Expression of intercellular adhesion molecule-1 (ICAM-1) on targets has been reported to be a relevant factor for leukocyte migration, adhesion and function. Because stimulated chondrocytes have been shown to express molecules of immunological import (like HLA class II antigens) and because rejected or resorbed cartilage grafts used in the field of ENT are often characterized by adjacent infiltrating leukocytes, the presence of ICAM-1 on human nasal, auricular and costal cartilage was investigated. For this study, cartilage tissue sections and chondrocytes in suspension as well as cultured chondrocytes were prepared. Specific monoclonal antibodies (mAb) were used for immunocyto- and immunohistochemical Alkaline-Phosphatase-anti-Alkaline-Phosphatase staining (APAAP staining) as well as for flow cytometry analysis.

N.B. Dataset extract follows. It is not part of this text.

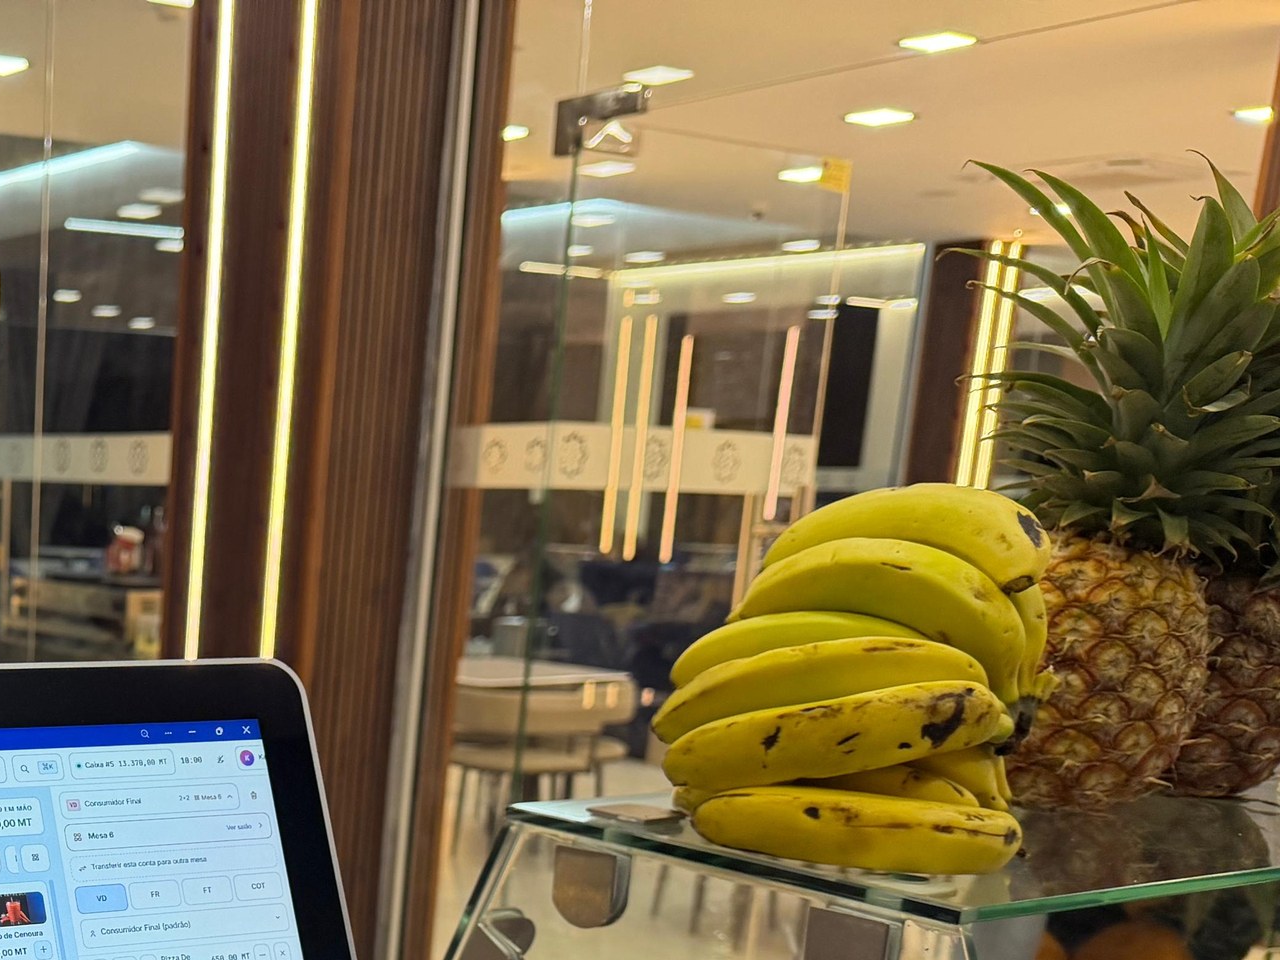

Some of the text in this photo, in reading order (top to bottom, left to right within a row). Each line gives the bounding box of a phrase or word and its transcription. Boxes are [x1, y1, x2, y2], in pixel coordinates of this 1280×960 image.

ICAM-1 on healthy cartilage tissue sections was not found. On the other hand, both chondrocytes freed from matrix and cultured chondrocytes showed strongly positive staining patterns for ICAM-1. This result was obtained for chondrocytes from nasal, auricular as well as costal cartilage. This observed expression of ICAM-1 on chondrocytes with defective extracellular matrix demonstrates that cartilage cells are able to synthesize ICAM-1 without any paracrine stimulus from non-chondrocyte cells. It suggests that ICAM-1 plays a role in processes where tissue damage leads to the exposure of chondrocyte surfaces. Therefore, ICAM-1 expression on chondrocytes may also be a factor in destructive cartilage graft resorption.